And so far what we’ve learned is that energy and environmental issues haven’t stirred much interest among the candidates or GOP primary voters. Obviously the economy trumps all other concerns, let alone questions about an endangered fish. Besides, Republican candidates are appealing to their base, not to independents much less liberal Democrats, who may feel more strongly about Lake Erie fish.
That’s why to learn more about voter attitudes, nothing beats opinion polls that drill down for responses to specific issues. Several recent polls offered some interesting and maybe surprising results regarding how Americans view jobs, energy and the environment. None were on coal mining per se, but their findings may interest you.
Several days after President Obama touted increased oil and gas production in his State of the Union speech, 69% of respondents in a survey of more than 1,000 adult Americans said they agreed with him. Only a fifth did not. A clear majority of both Democrats and independents joined Republicans in supporting greater energy production on public lands.
Would Americans want to “significantly expand oil and gas production” on federal lands and coastlines if this were proposed by an oil company executive? Maybe not; the messenger can sometimes be the message. And for all of his problems, the president remains fairly likeable. Yet in the same poll, 64% favored construction of the Keystone XL pipeline—to strengthen U.S. energy independence from Mideast oil, they said—despite the perceived environmental risks and the absence of presidential support. The president has not approved this project, even though relatively few (22%) oppose it. What’s more, a greater percentage of respondents (42%) believe growth is more likely to be restored by cutting regulation, taxes and spending than with the palliatives the president offered (35%).
Who are these Americans who prize jobs and energy security over environmental risks? Surprisingly, they include a majority of Democrats, a majority of urban dwellers and even a majority of young people—the composite profile of likely environmentalists. Amazing how 25% youth unemployment and a four-year economic slump concentrates the mind.
Another poll last month, this one in six western states, offered still more surprises, though less pleasing ones. This Colorado College survey, using pollsters well-known to the NMA, found 65% identified themselves as “conservationists.” The term was not defined but is not meaningless, either, since more than 60% of respondents in Wyoming, Montana, Arizona, Utah, Colorado and New Mexico favored the EPA’s tougher standards to control power plant emissions, and clear majorities said the loss of fish and wildlife habitat were serious to very serious concerns. A very high 85% believe federal parks and wilderness areas are essential parts of their state’s economy. So while they didn’t call themselves “environmentalists,” these “conservationists”—from very resource-intensive states friendly to mining—were certainly not indifferent to the natural environment.

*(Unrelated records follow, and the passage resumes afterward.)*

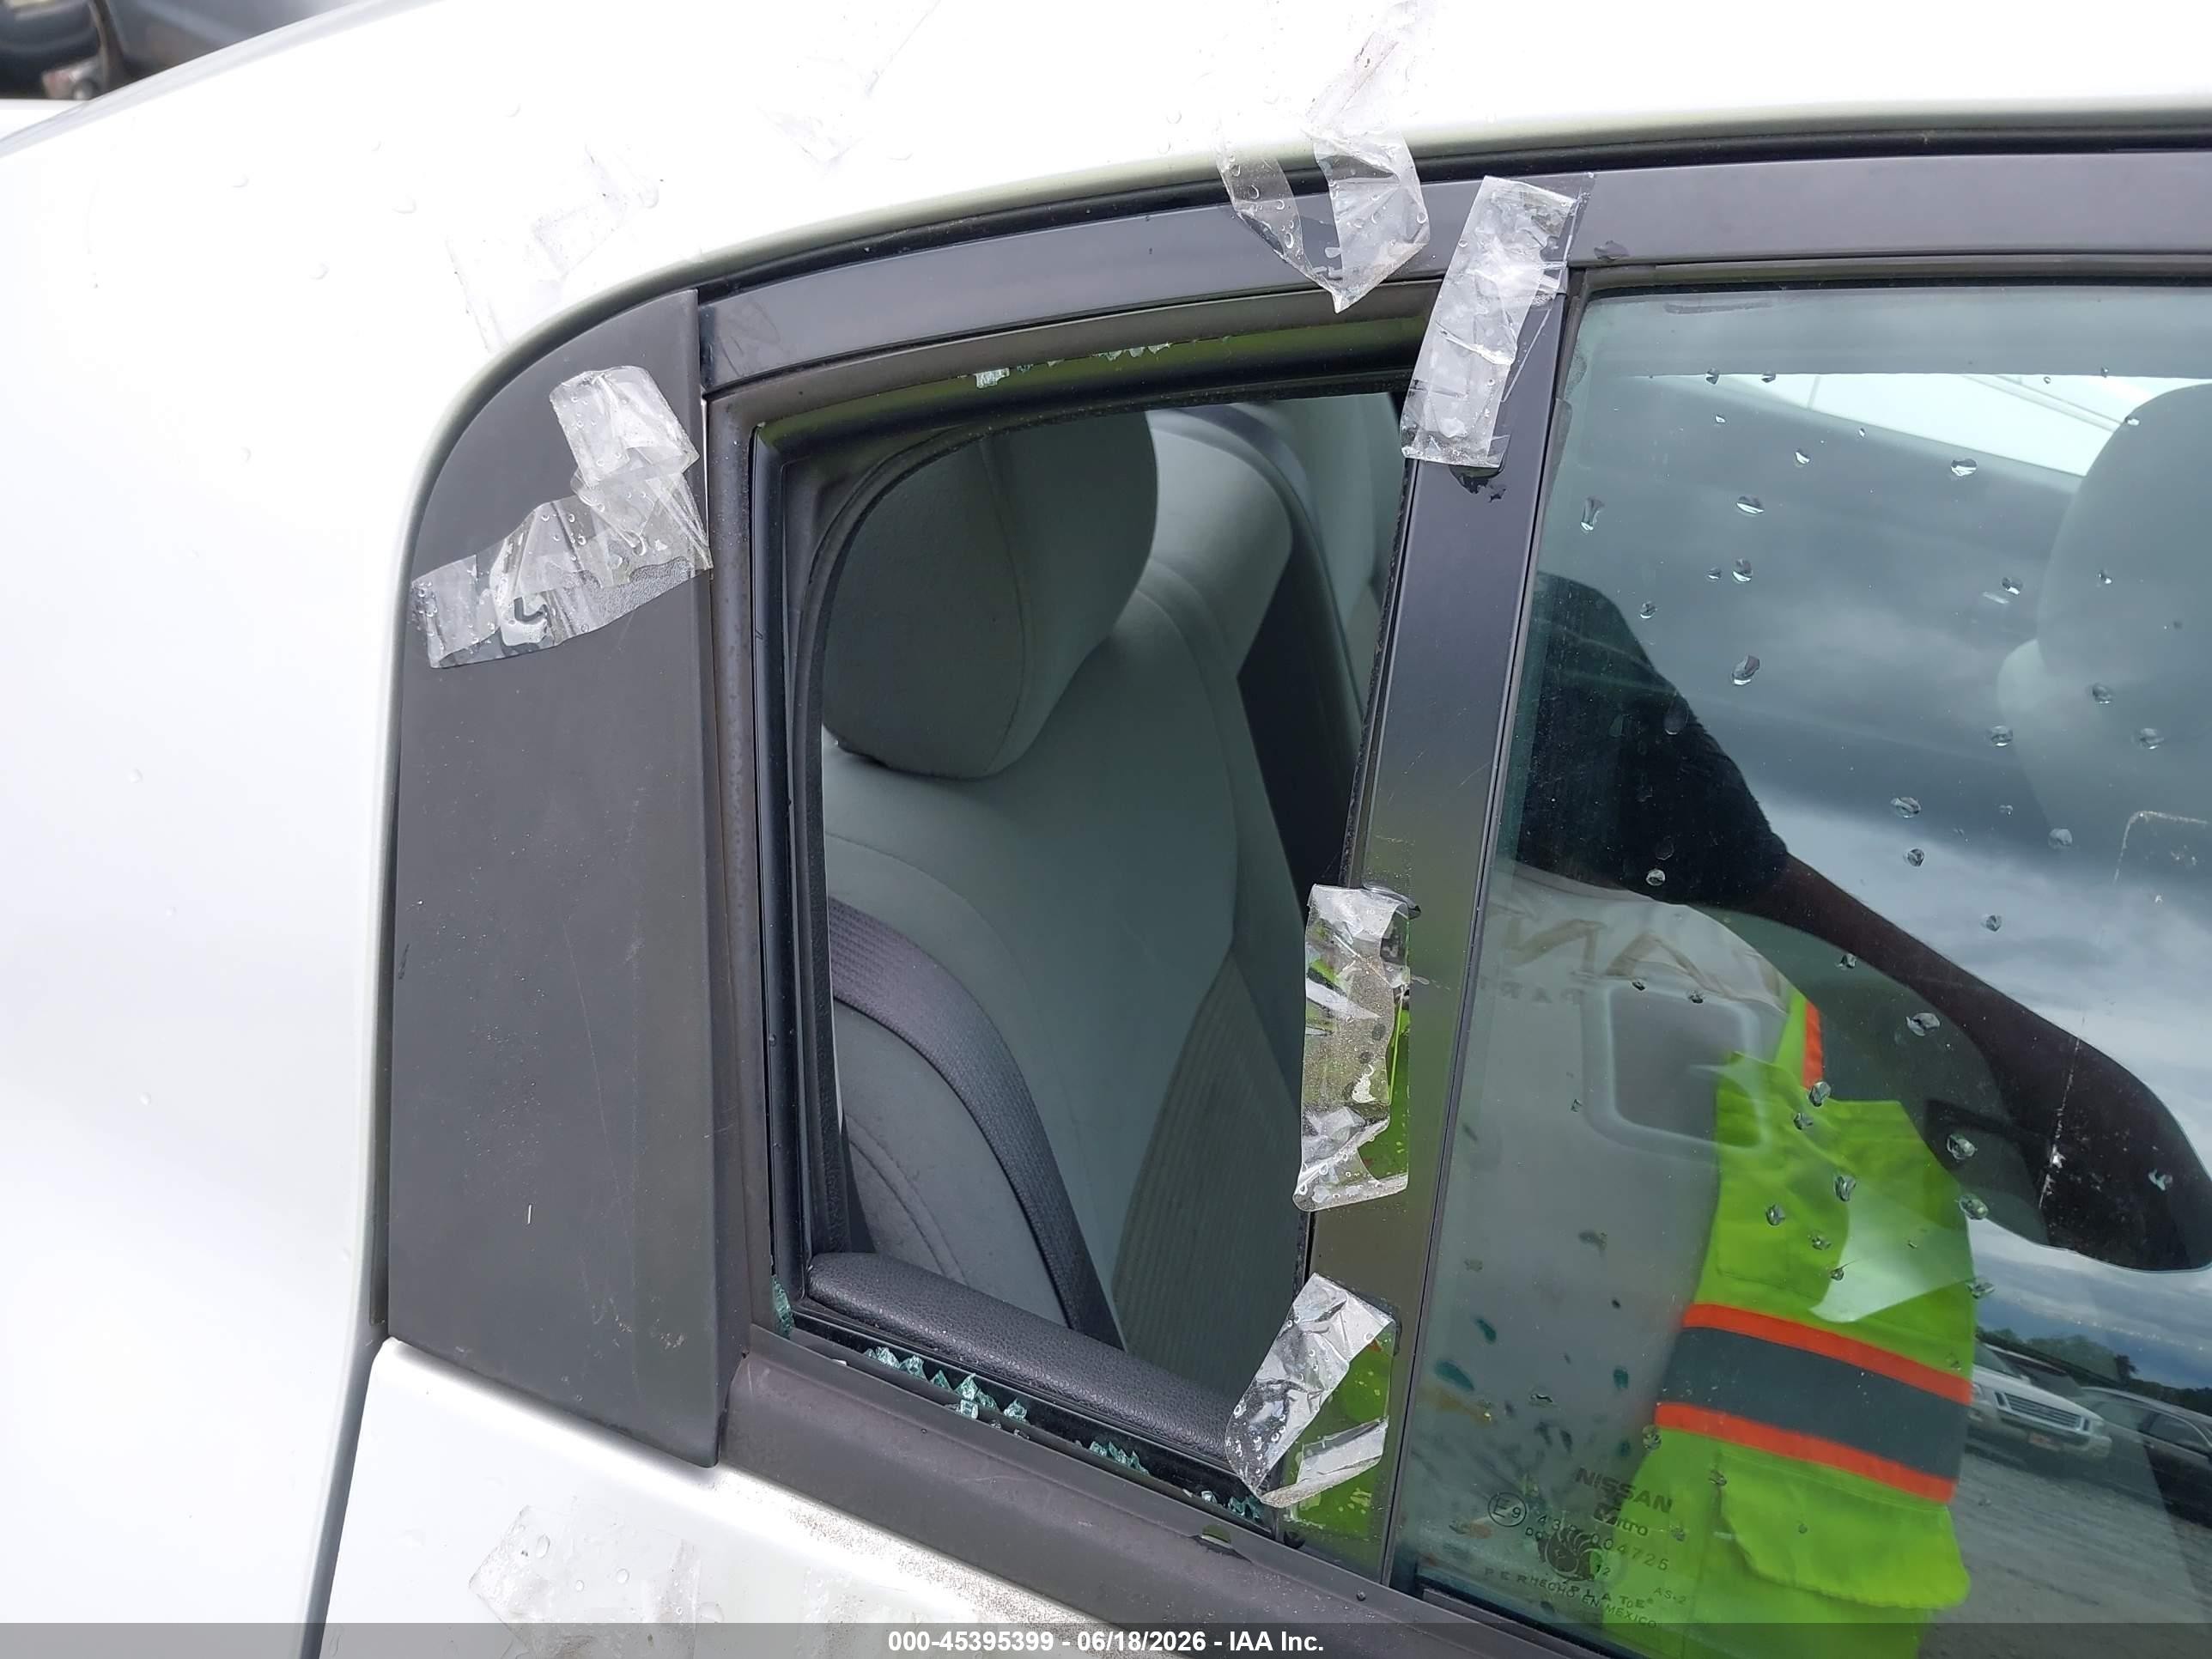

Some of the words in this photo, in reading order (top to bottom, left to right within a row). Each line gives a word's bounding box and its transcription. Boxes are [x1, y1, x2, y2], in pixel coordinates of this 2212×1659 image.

[1574, 1467, 1673, 1514] NISSAN
[1581, 1595, 1600, 1608] EN
[1607, 1603, 1657, 1629] MEXICO
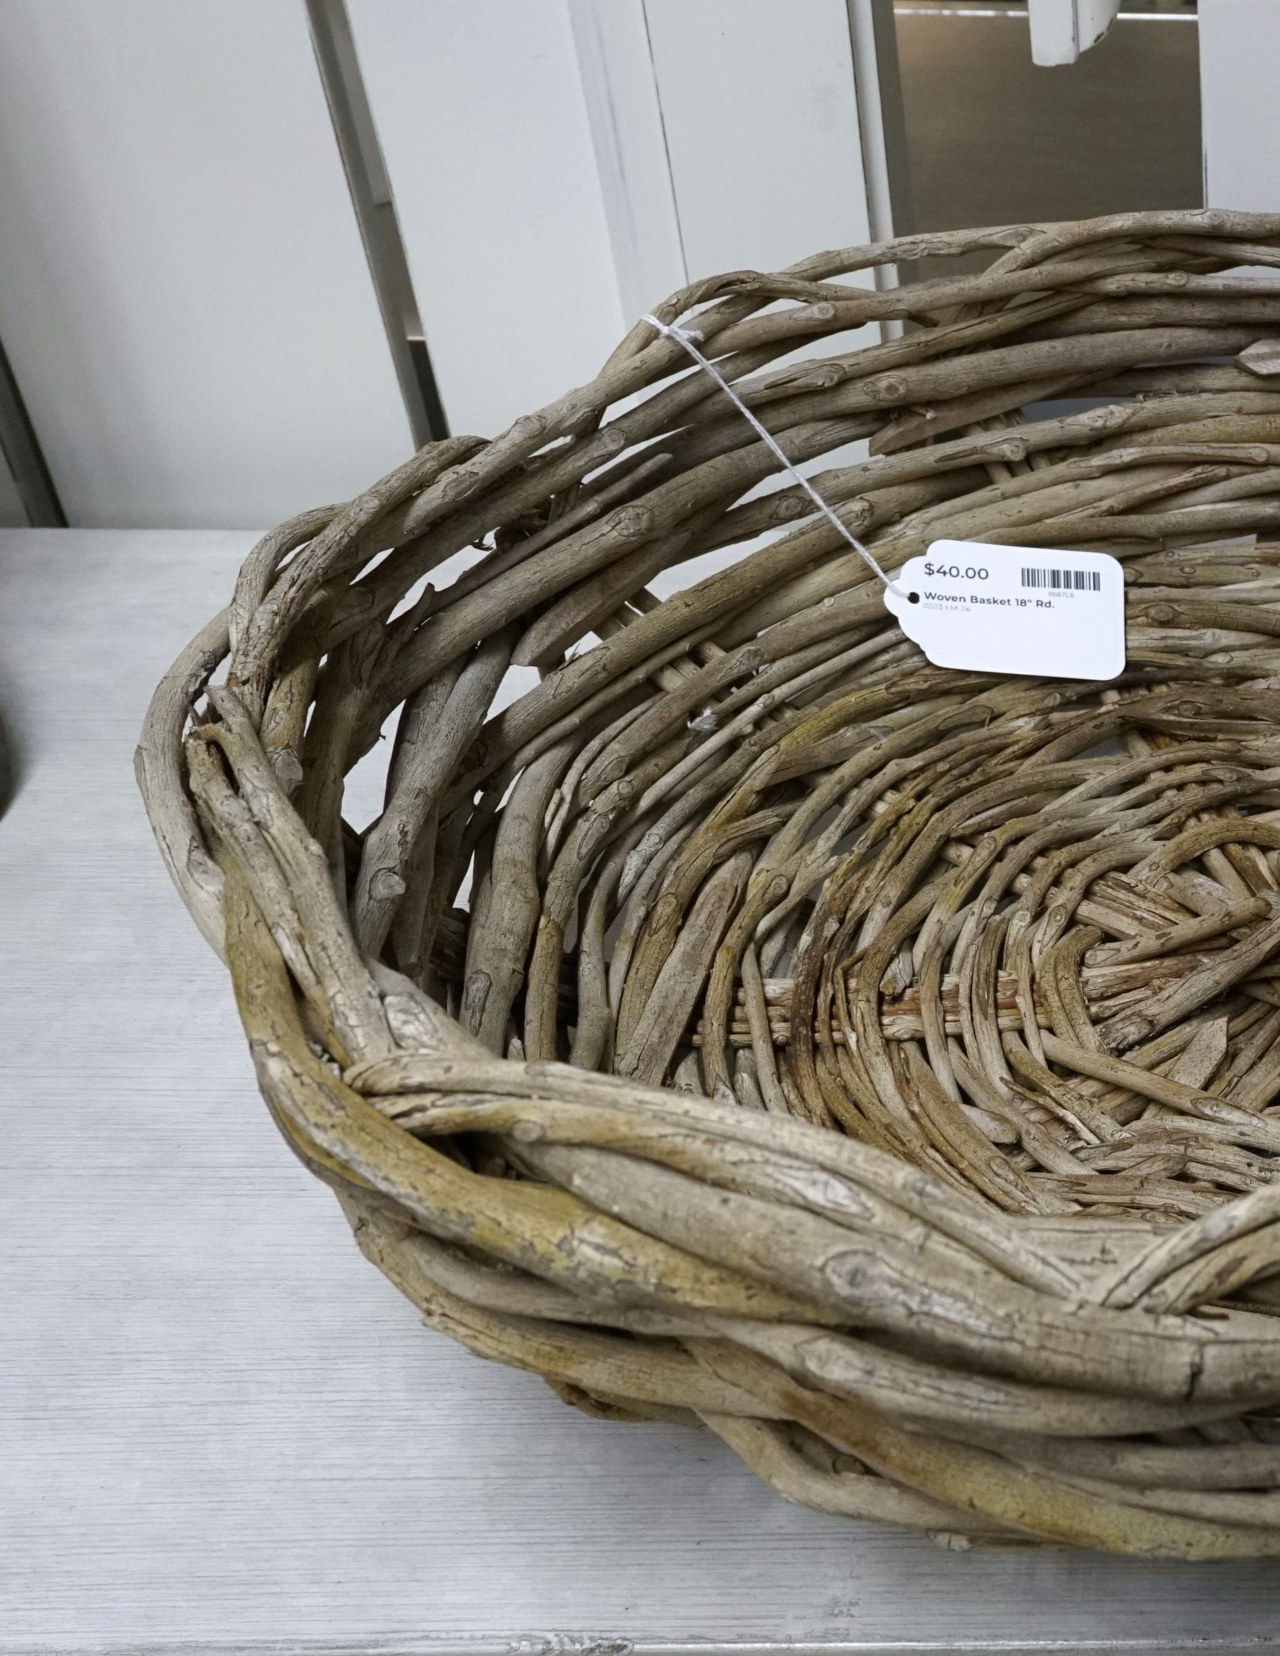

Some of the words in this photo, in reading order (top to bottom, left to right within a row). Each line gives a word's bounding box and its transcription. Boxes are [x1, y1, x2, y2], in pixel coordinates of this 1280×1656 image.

[924, 562, 990, 580] $40.00
[924, 591, 967, 603] Woven
[970, 595, 1012, 607] Basket
[1015, 598, 1033, 608] 18"
[1036, 599, 1056, 609] Rd.
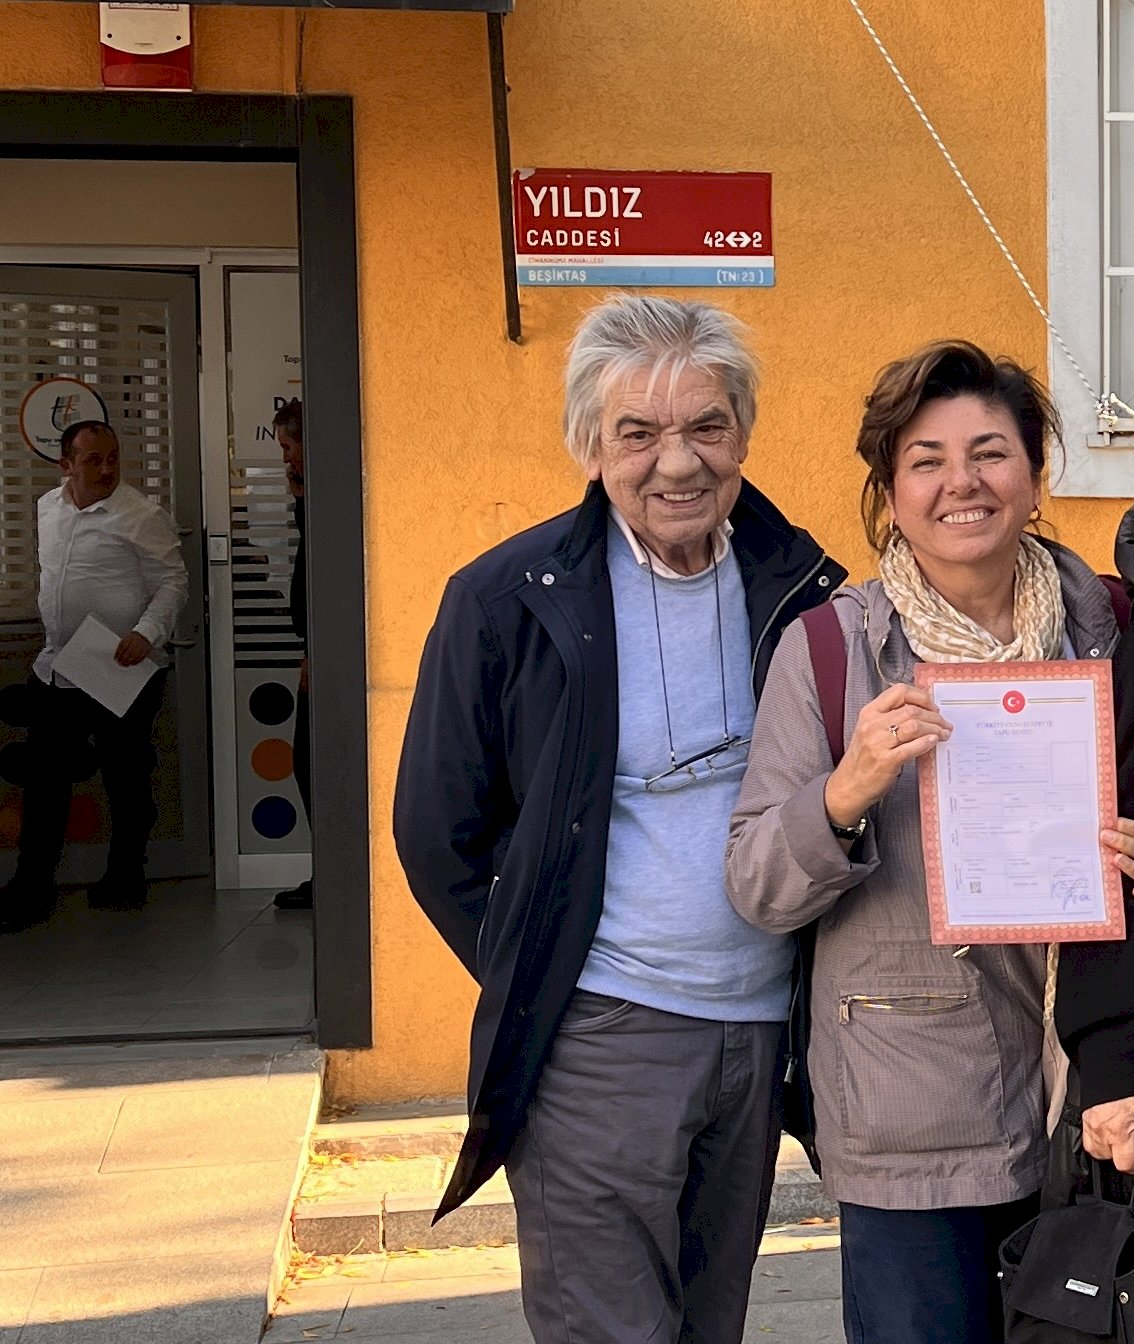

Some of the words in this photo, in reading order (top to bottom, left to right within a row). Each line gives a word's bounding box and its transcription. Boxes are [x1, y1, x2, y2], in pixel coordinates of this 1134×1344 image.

[524, 186, 643, 218] YILDIZ
[526, 227, 621, 247] CADDESİ
[703, 230, 725, 248] 42
[752, 231, 763, 248] 2
[528, 269, 587, 282] BEŞİKTAŞ

In fact, when asked what energy source they would like to see encouraged, their answer was—not coal. They didn’t mention coal any more than the president did in his speech. Actually, solar power, followed by other renewable fuels, was the big winner in these states. Except in the big coal states of Montana and Wyoming—where wind power was the favorite, outranking solar. Wyoming? Yup.
A majority in New Mexico and Montana even favored retaining or strengthening their renewable energy standards for power plants.
Make of this what you will. As the NMA sees it, the results show a public still concerned about jobs and the economy but not well informed about the options for improving either one.
Popovich is a spokesperson for the National Mining Association, the industry’s trade group based in Washington, D.C.